Donor Impact Summer 2015

Donors help take science to new level

A dedication ceremony for the new science lab building on the Allendale Campus will take place August 28. In April, the building was named in honor of former Grand Valley dean and longtime faculty member Doug Kindschi.

The 151,000-square-foot P. Douglas Kindschi Hall of Science will help meet the demand for the STEM (science, technology, engineering and mathematics) and health professions fields. Grand Valley offers 86 undergraduate programs and 35 graduate programs, and more than 40 of them touch the STEM and health professions in some way.

“Doug’s generous gift will help provide support for materials, technology and research opportunities for students,” said President Thomas J. Haas. “We are tremendously grateful for Doug’s support and wanted to recognize that by naming this new building for the sciences in his honor.”


Doug and Barbara Kindschi

Doug and Barbara Kindschi
photo by Amanda Pitts

Kindschi is currently the director of the Kaufman Interfaith Institute at Grand Valley. He came to Grand Valley in 1976 and has served the university for 40 years in many capacities, including as a professor of mathematics and philosophy, and dean of the former Science and Mathematics Division.

“Grand Valley has been very good to me,” said Kindschi. “When I came here there were about 5,000 students. Now, there are more than 25,000. It’s been exciting to see the growth and I’ve had the privilege of being a contributing member of a vibrant university.”

The Kindschi Hall of Science was funded in part by the state of Michigan, but additional funds were needed to provide continued academic support for the teaching and learning taking place inside the building. The building features nine classrooms, 15 teaching laboratories, 14 faculty and student research laboratories, study spaces and offices.

The building also features the Barbara Kindschi Greenhouse, a 3,000-square-foot greenhouse with tropical, arid, temperate and quarantine bays for research and teaching.

“My wife, Barbara, and I had the opportunity to tour the building and it is very impressive,” said Kindschi. “When we came to the greenhouse, Barbara said she wanted to contribute to a fund on behalf of it. She likes to garden and always wanted a greenhouse. Now, she will enjoy seeing how students are learning to nurture plants.”

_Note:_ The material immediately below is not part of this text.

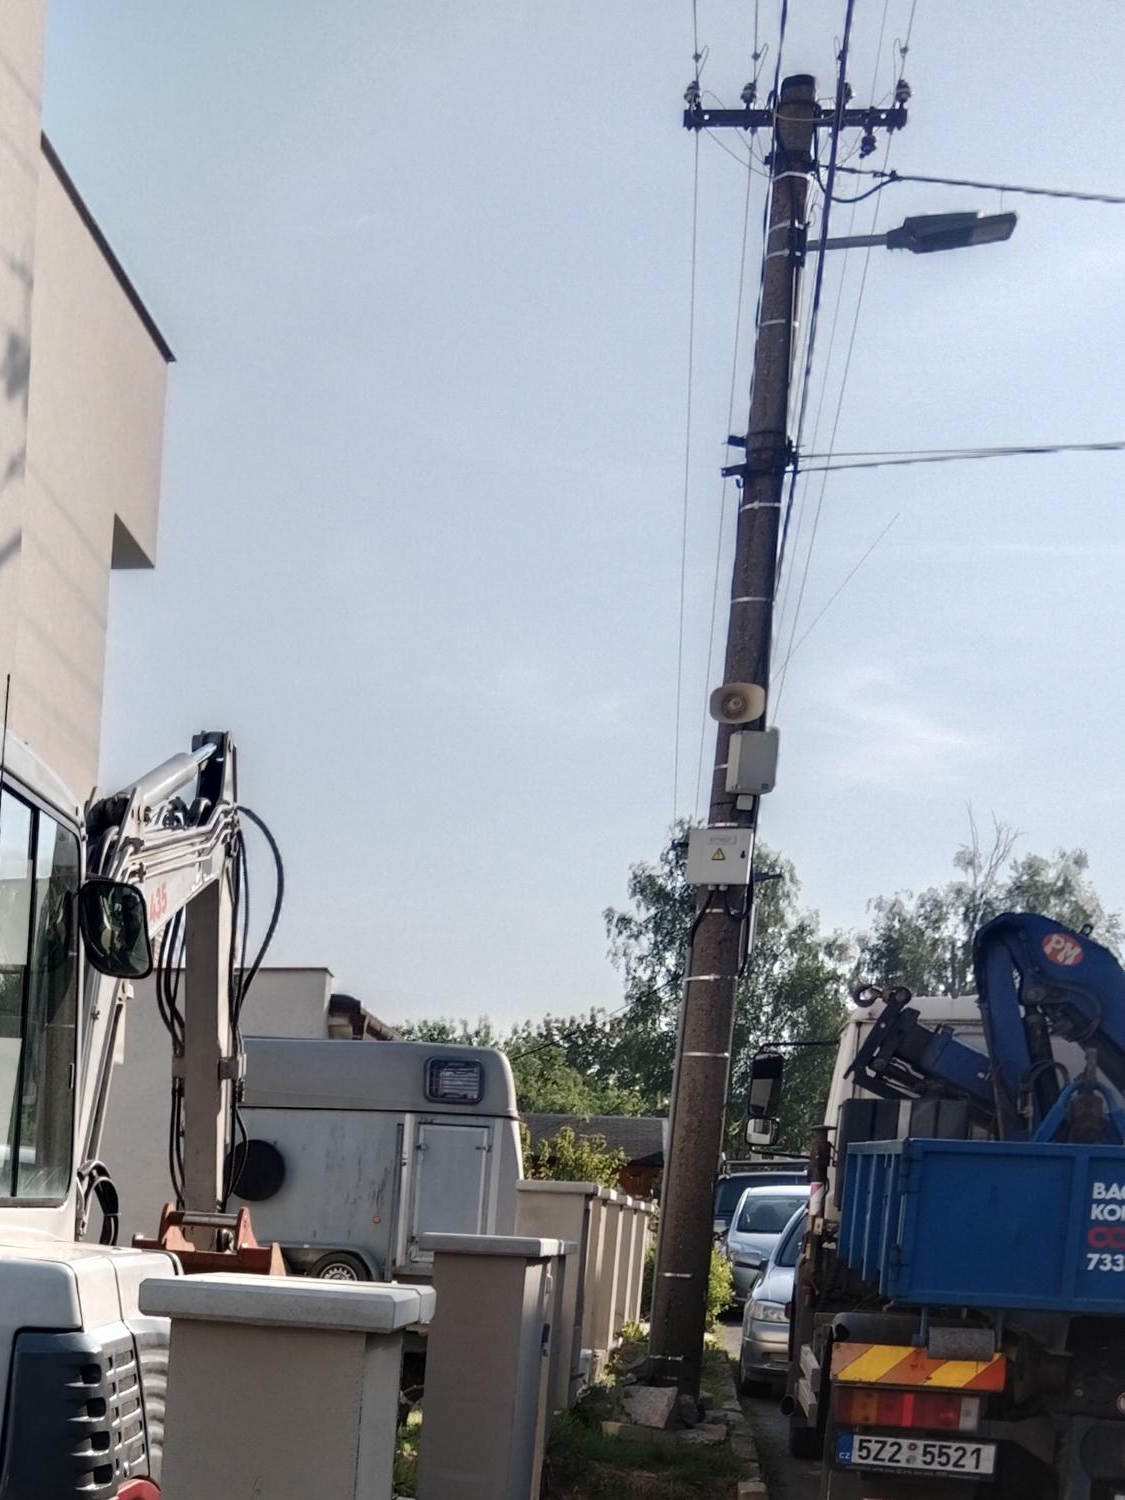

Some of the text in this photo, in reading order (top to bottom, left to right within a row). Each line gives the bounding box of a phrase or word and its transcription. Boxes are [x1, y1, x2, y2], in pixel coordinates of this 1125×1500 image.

Kindschi has been actively engaged with elementary and secondary students in science education through his establishment of the Coalition for Excellence in Science and Math Education, Regional Math and Science Center and Science Olympiad tournaments, which give hundreds of area middle and high school students the opportunity to develop their talents in the STEM fields.

“Science isn’t just for science majors. Knowledge of science is important for many other fields like health, law and technology,” said Kindschi. “We need science knowledge to be informed citizens and to be able to understand certain issues when we vote. Science and mathematics are basic to so many other fields.”

Kindschi said he has been passionate about growing science education at Grand Valley and in the community since reading a report in the 1980s that said America was a nation at risk because education was lacking in the STEM areas.

“The importance of the sciences is a national need. What is our part in it? I can’t solve the whole thing but I can impact my community,” said Kindschi. “I am so pleased that our contribution will help students and faculty and the development of research and the education that is taking place inside the building — that is where my heart is,” he said.

Donor wall supports student research

The Kindschi Hall of Science will also feature a donor wall inside the building; anyone who makes a gift to the College of Liberal Arts and Sciences Margin of Excellence for Science Endowment Fund will be recognized on the donor wall. Gifts can be made in memory or in honor of individuals and those names will also be recognized on the donor wall.

The fund provides support for advanced scientific research opportunities for students majoring in the sciences, including working with faculty members, publishing and attending conferences. Approximately 2,300 students are currently pursuing degrees in the sciences, in programs such as biology, biomedical sciences, chemistry, geology and physics.

Grand Valley is working to expand support for undergraduate scientific research. The initiation of a “margin of excellence” program offers that possibility to a greater number of students who will work directly with faculty members to design and execute professional-level scientific research, which at most universities is offered only to graduate students.

Kindschi Hall of Science features

  • 9 classrooms
  • 29 teaching and research labs
  • 3,000-square-foot greenhouse
  • Approximately 2,300 students are pursuing degrees in the sciences


Students who participate in research have gone on to succeed in graduate studies and in the workforce.

Brianne Docter, ’13, graduated summa cum laude with a bachelor’s degree in chemistry from Grand Valley and is pursuing a doctorate in cellular and molecular biology from the University of Michigan. Docter conducted research as an undergraduate in the laboratory of Bradley Wallar, professor of chemistry.     

The focus of her research was investigating how beta-lactamases break down antibiotics such as penicillin and are responsible for antibiotic resistance in certain strains of bacteria. In 2012, she was named a Goldwater Scholar, a prestigious award given to the nation’s most exceptional undergraduate STEM students.

Fred Antczak, dean of the College of Liberal Arts and Sciences, said: “These opportunities are making a difference for the students who will make a difference. Support for these programs will provide more students like Brianne with a competitive advantage as they move on to the next steps in their careers or education.”